Rationale: Myeloid cells encompass distinct populations with unique functions during homeostasis and disease. Recently, a novel subset of innate cells, myeloid-derived suppressor cells (MDSCs), has been described in cancer, which suppresses T-cell responses and fosters disease progression. The role of MDSCs in infection is insufficiently addressed. Objectives: To examine the presence and function of MDSCs during experimental pulmonary tuberculosis (TB) and further understand the immunologic consequences of direct interactions between MDSCs and lung bacterial pathogens. Methods: Using cell-based approaches and experimental mouse models for pulmonary TB we characterized MDSCs as novel myeloid populations directly interacting with Mycobacterium tuberculosis (Mtb). Measurements and Main Results: MDSCs readily phagocytosed Mtb, and released proinflammatory (IL-6, IL-1 alpha) and immunomodulatory (IL-10) cytokines while retaining their suppressive capacity.

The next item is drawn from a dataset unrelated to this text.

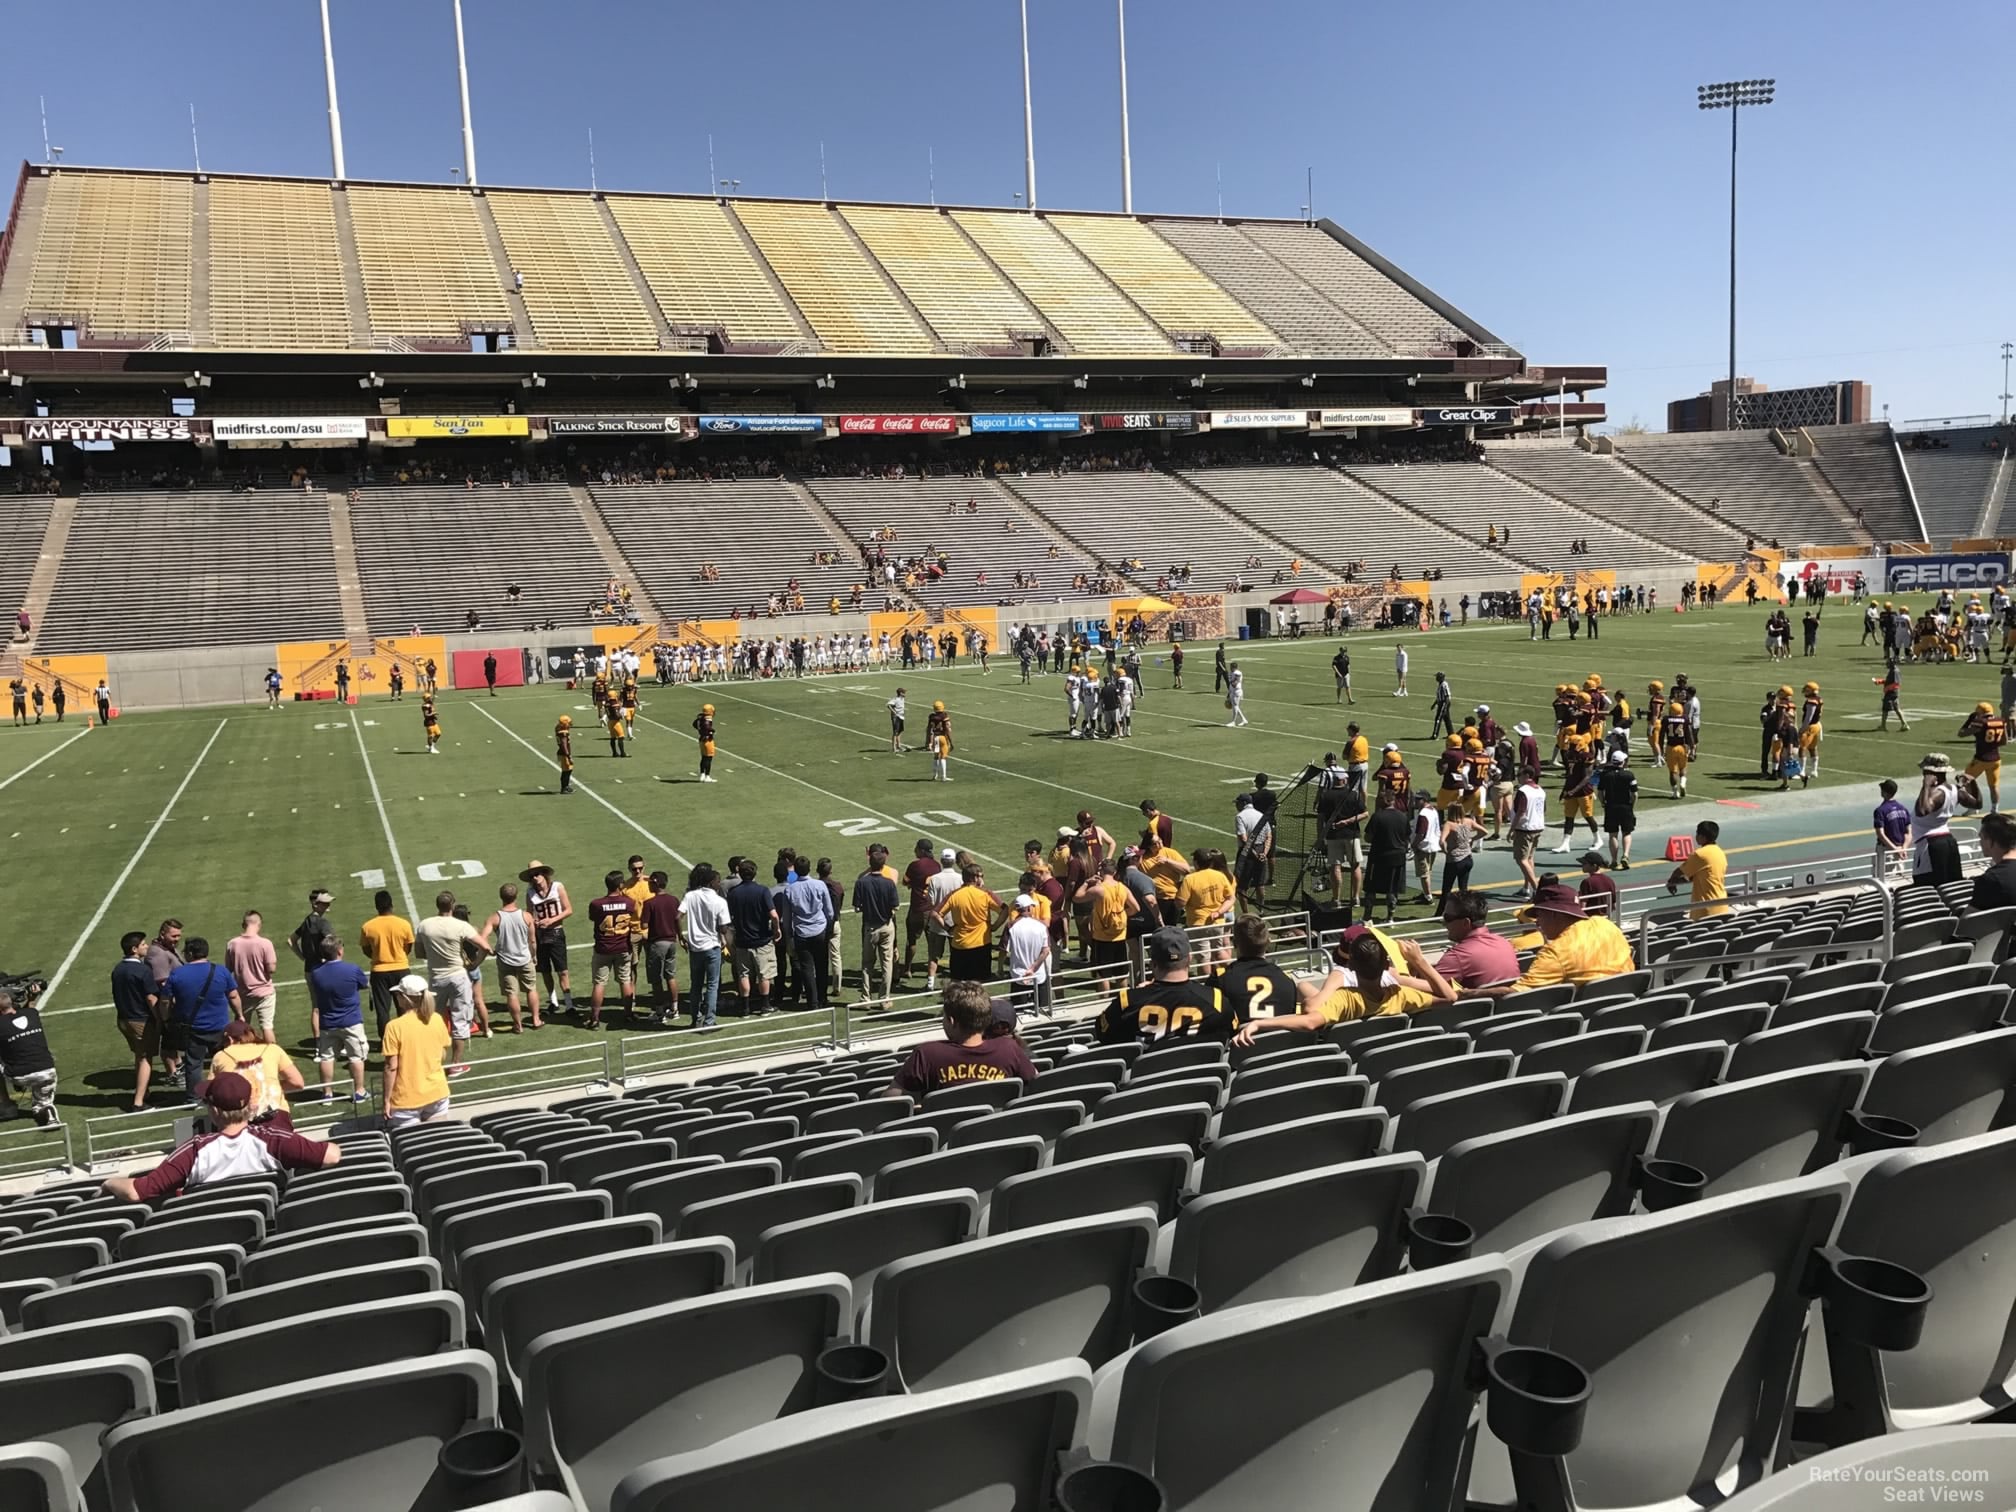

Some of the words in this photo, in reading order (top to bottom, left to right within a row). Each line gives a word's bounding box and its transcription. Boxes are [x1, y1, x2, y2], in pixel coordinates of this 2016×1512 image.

MDSCs were identified at the site of infection in the lung in disease-resistant and -susceptible mice during pulmonary TB. Excessive MDSC accumulation in lungs correlated with elevated surface expression of IL-4R alpha and heightened TB lethality, whereas targeted depletion of MDSCs ameliorated disease. Conclusions: Our data reveal that MDSCs provide a niche for pathogen survival and tailor immunity in TB. These findings suggest MDSCs as amenable targets for host-directed therapies and emphasize them as cellular-immune regulators during chronic inflammatory conditions, including chronic infections and microbial complications of neoplastic disorders.